> **The task**
Would you return the data below exactly as it stands, with every picture left out?

> **Data**
+---+
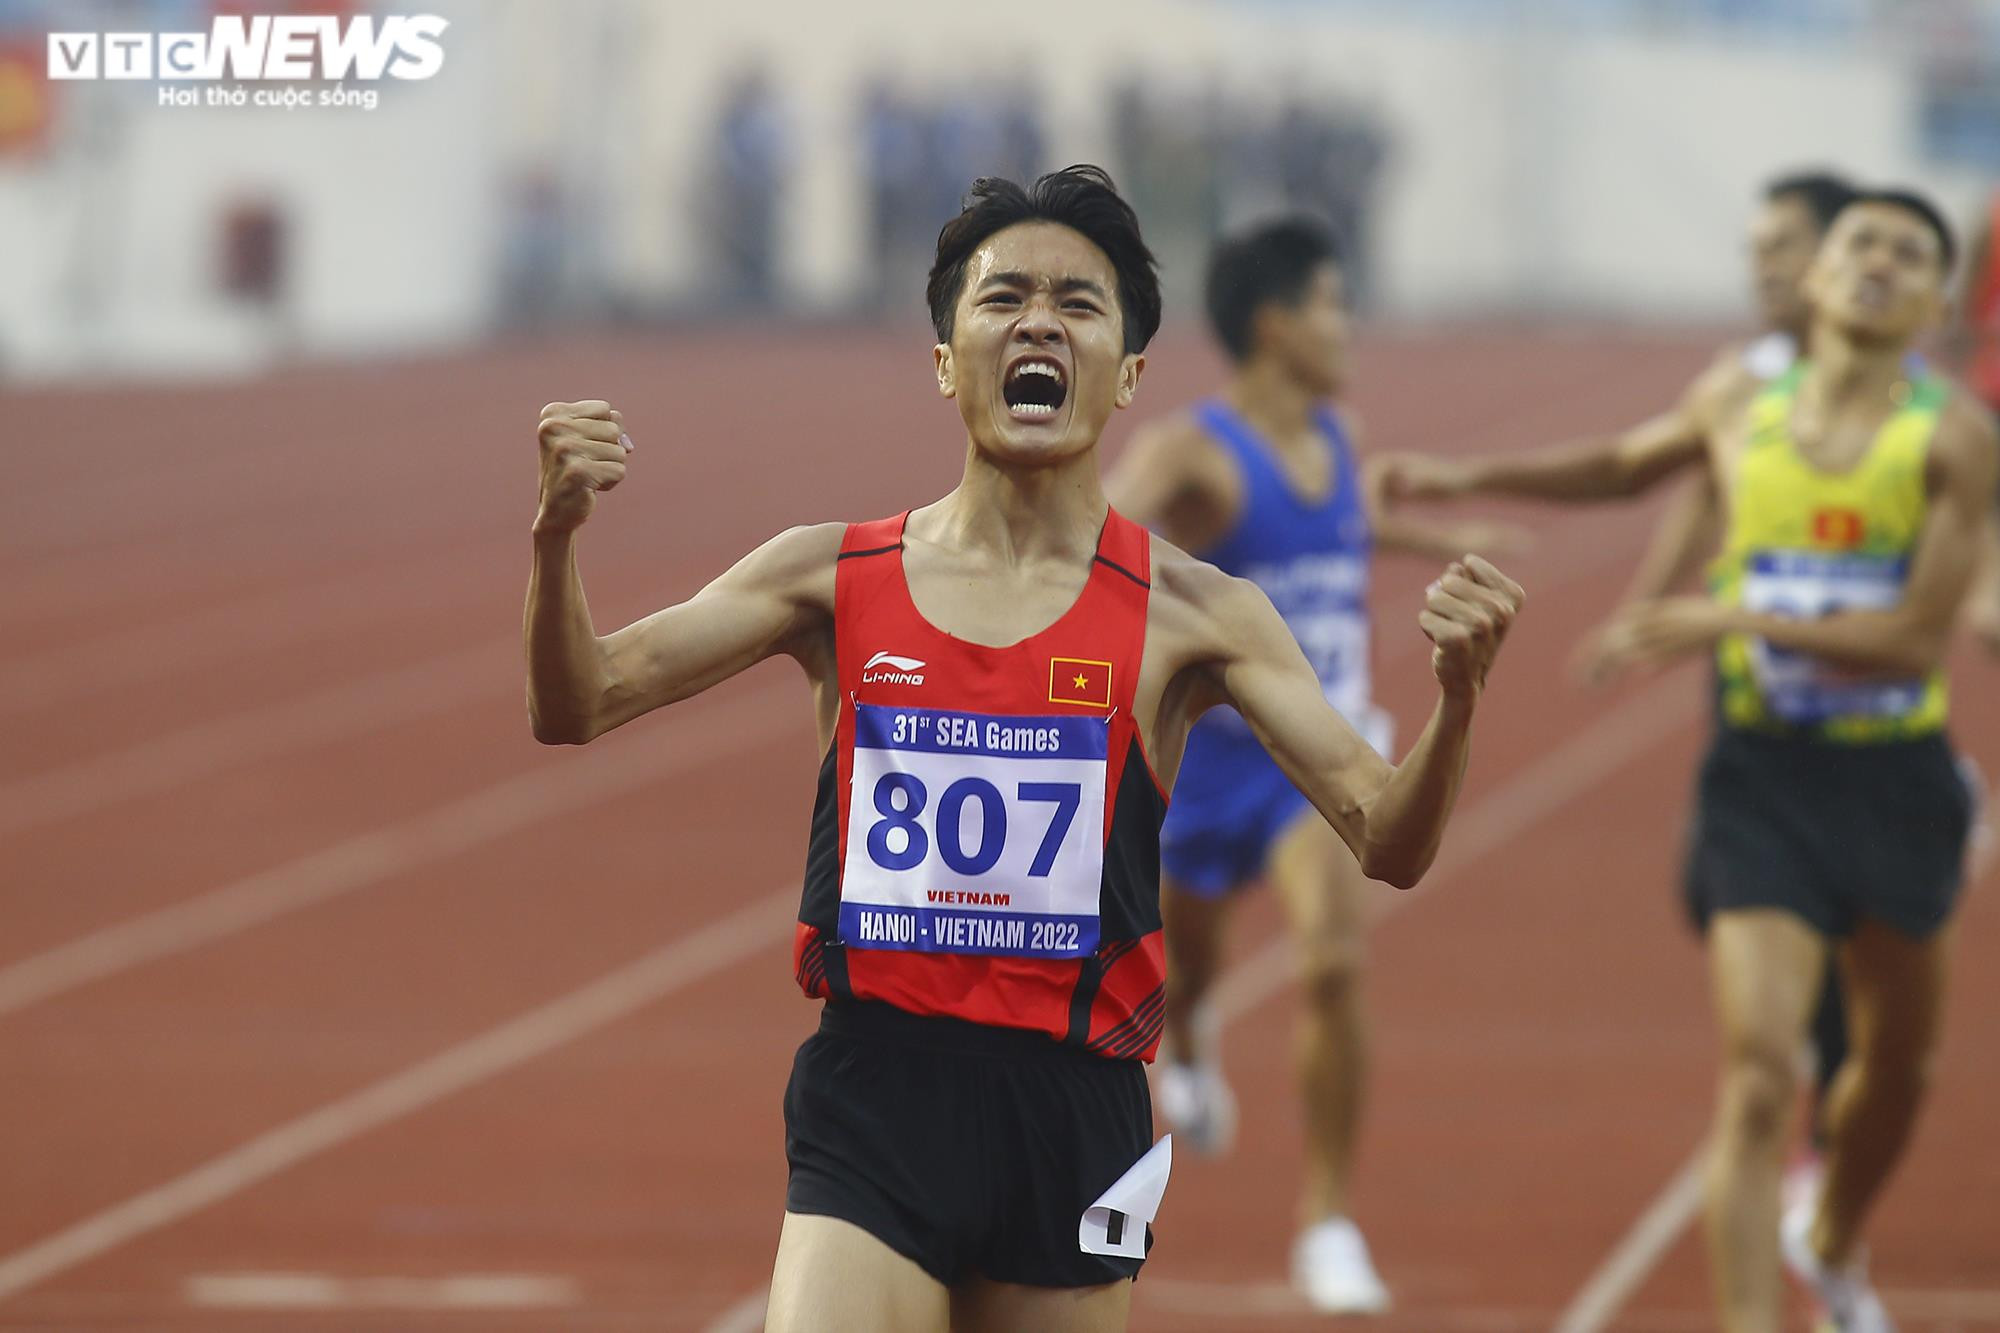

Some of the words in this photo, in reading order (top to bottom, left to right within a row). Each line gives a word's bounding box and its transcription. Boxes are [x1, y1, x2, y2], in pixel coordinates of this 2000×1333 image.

[862, 672, 924, 685] LI-NING
[936, 718, 979, 747] SEA
[985, 722, 1060, 751] Games
[867, 772, 1081, 877] 807
[927, 889, 1010, 905] VIETNAM
[859, 911, 916, 943] HANOI
[935, 917, 1025, 950] VIETNAM
[1032, 922, 1079, 950] 2022
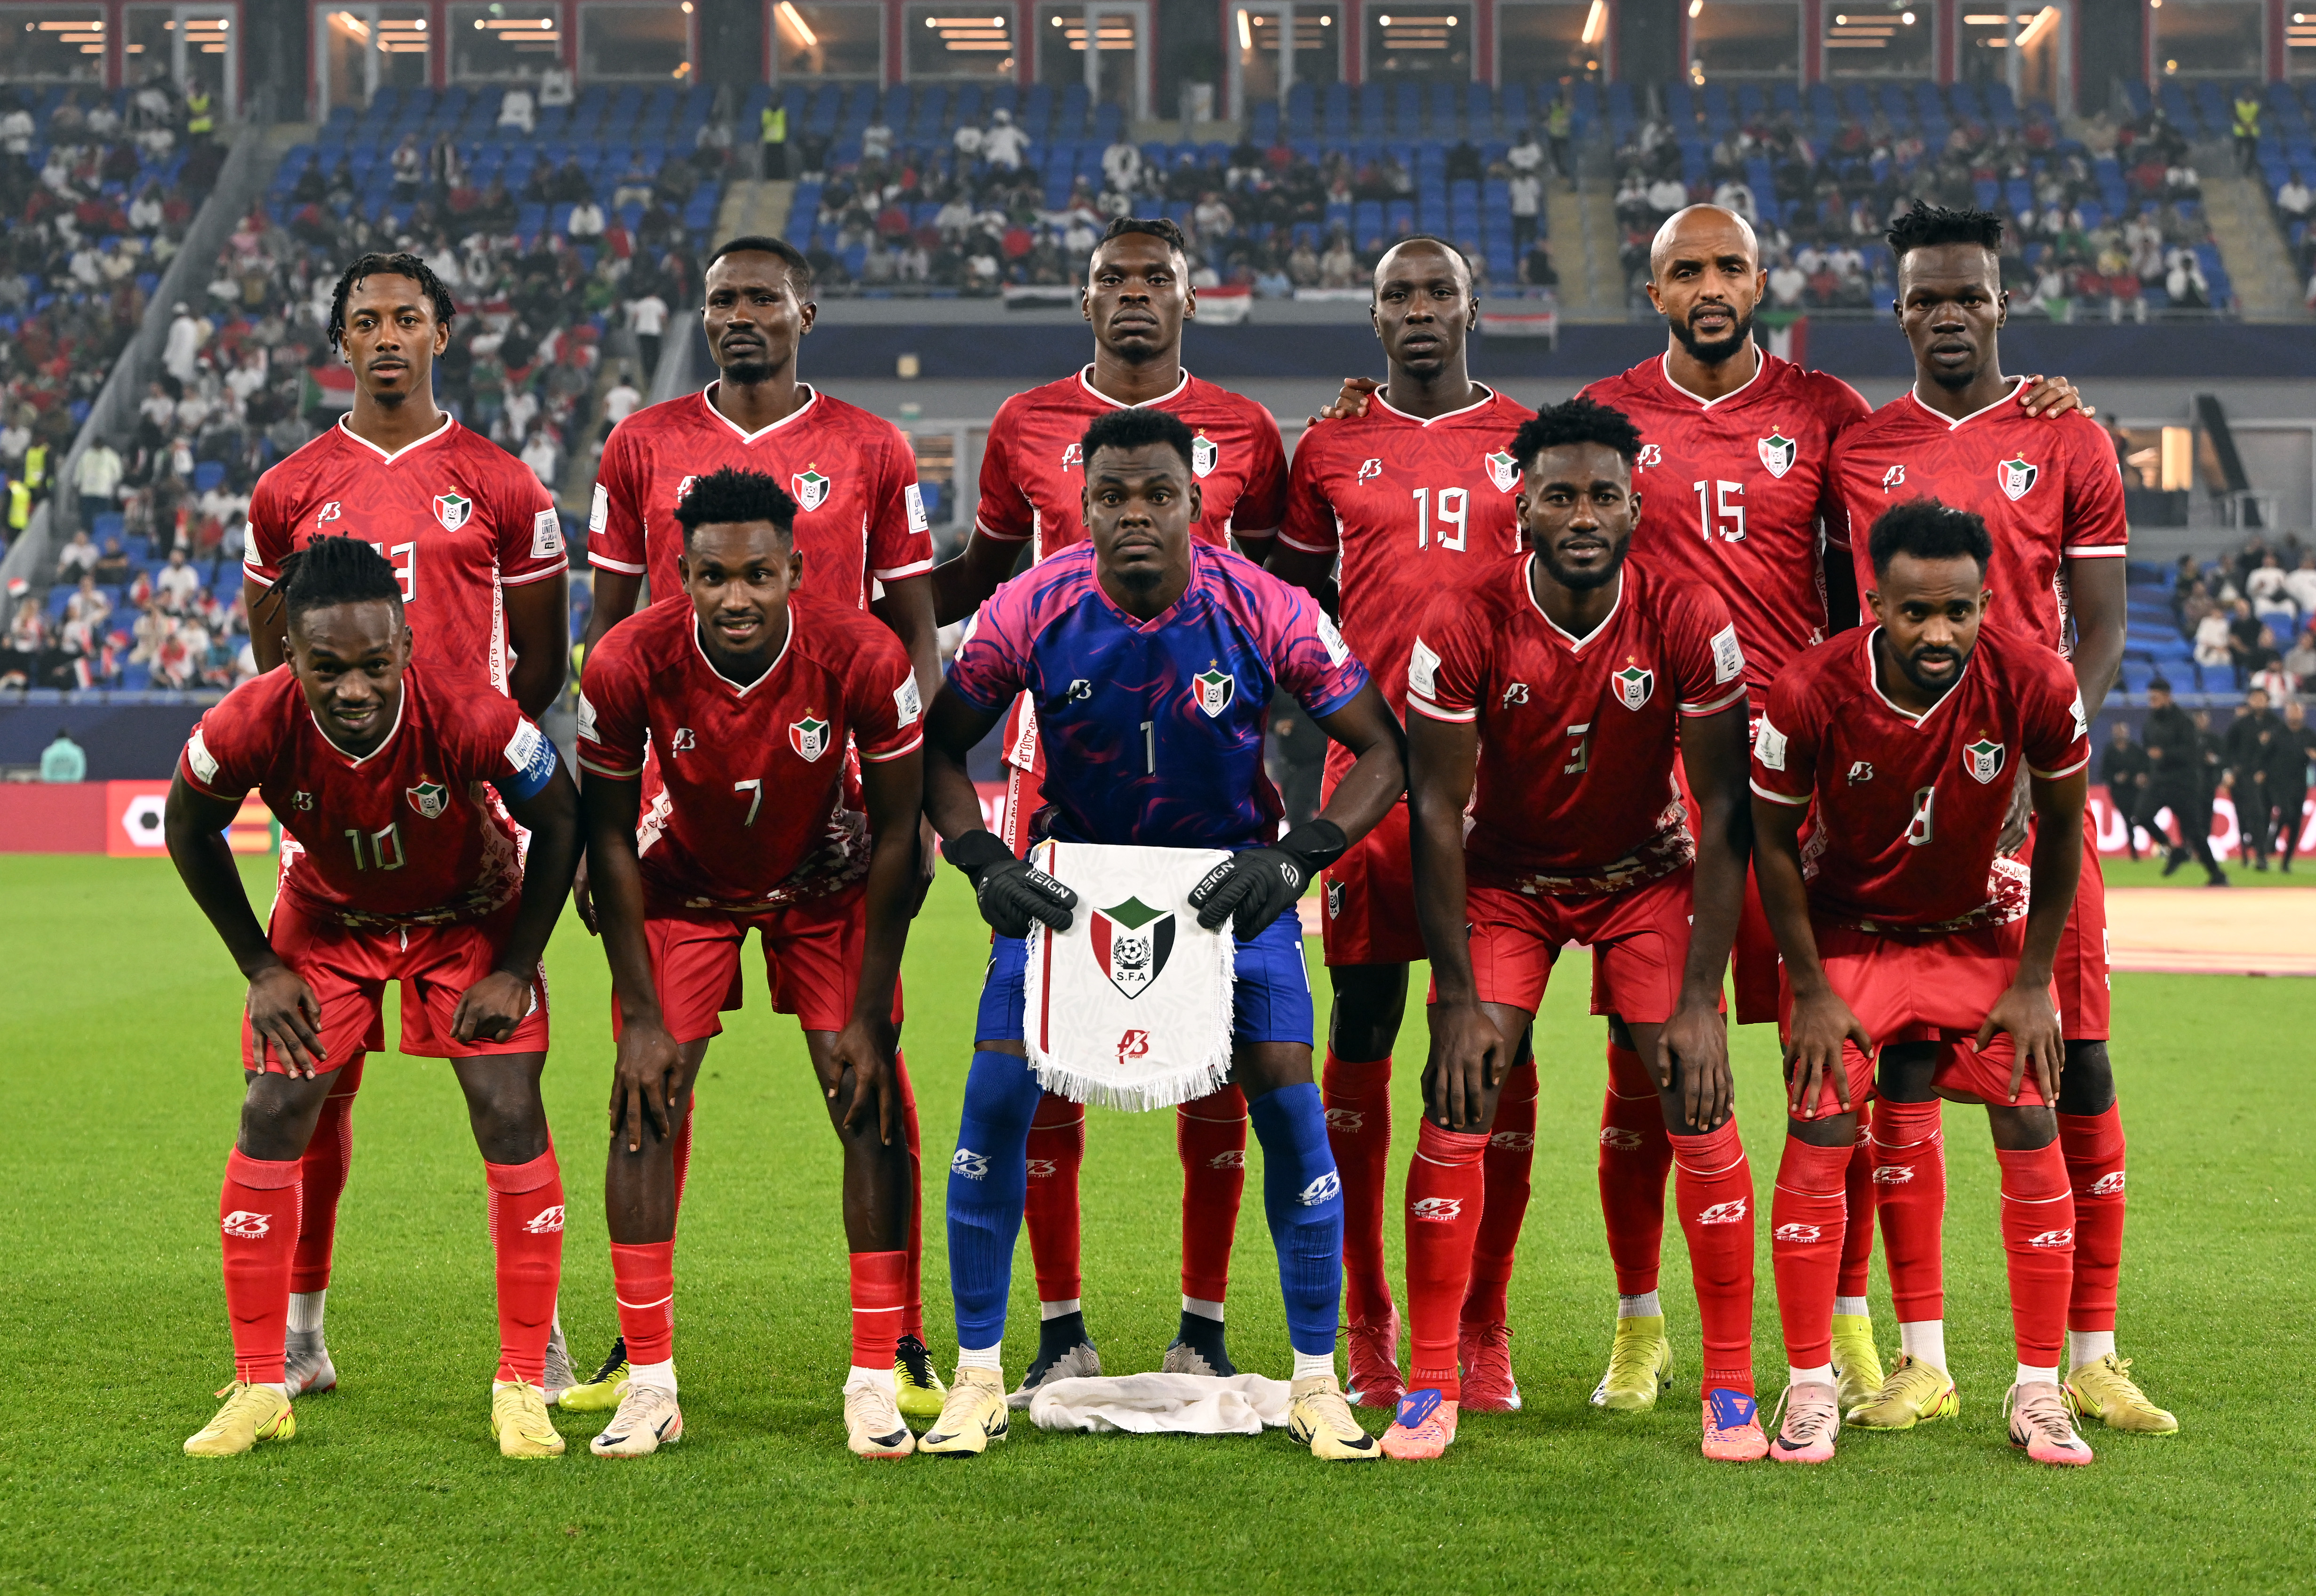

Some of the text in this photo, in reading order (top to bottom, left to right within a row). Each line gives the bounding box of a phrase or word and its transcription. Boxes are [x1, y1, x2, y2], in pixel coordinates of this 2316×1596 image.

[1413, 487, 1469, 552] 19
[1694, 479, 1745, 543] 15
[370, 541, 416, 604] 3
[518, 733, 532, 757] UNITES
[526, 741, 543, 773] UNIT
[1140, 721, 1155, 777] 1
[1565, 722, 1590, 774] 3
[735, 779, 763, 827] 7
[345, 822, 407, 871] 10
[1027, 867, 1070, 899] REIGN
[1193, 860, 1235, 901] REIGN
[1116, 970, 1146, 982] S.F.A
[1115, 1029, 1150, 1064] AB
[229, 1229, 267, 1239] SPORT
[538, 1223, 565, 1233] SPORT
[1420, 1211, 1458, 1221] SPORT
+---+
> **Expected output**
Some of the words in this photo, in reading order (top to bottom, left to right within a row). Each line gives a word's bounding box and its transcription. Boxes are [x1, y1, x2, y2], in pixel coordinates of this 2000×1333 image.

[862, 672, 924, 685] LI-NING
[936, 718, 979, 747] SEA
[985, 722, 1060, 751] Games
[867, 772, 1081, 877] 807
[927, 889, 1010, 905] VIETNAM
[859, 911, 916, 943] HANOI
[935, 917, 1025, 950] VIETNAM
[1032, 922, 1079, 950] 2022

Some of the text in this photo, in reading order (top to bottom, left to right within a row). Each line gives the bounding box of a phrase or word and its transcription. Boxes are [x1, y1, x2, y2], in pixel coordinates of this 2316×1596 image.

[1413, 487, 1469, 552] 19
[1694, 479, 1745, 543] 15
[370, 541, 416, 604] 3
[518, 733, 532, 757] UNITES
[526, 741, 543, 773] UNIT
[1140, 721, 1155, 777] 1
[1565, 722, 1590, 774] 3
[735, 779, 763, 827] 7
[345, 822, 407, 871] 10
[1027, 867, 1070, 899] REIGN
[1193, 860, 1235, 901] REIGN
[1116, 970, 1146, 982] S.F.A
[1115, 1029, 1150, 1064] AB
[229, 1229, 267, 1239] SPORT
[538, 1223, 565, 1233] SPORT
[1420, 1211, 1458, 1221] SPORT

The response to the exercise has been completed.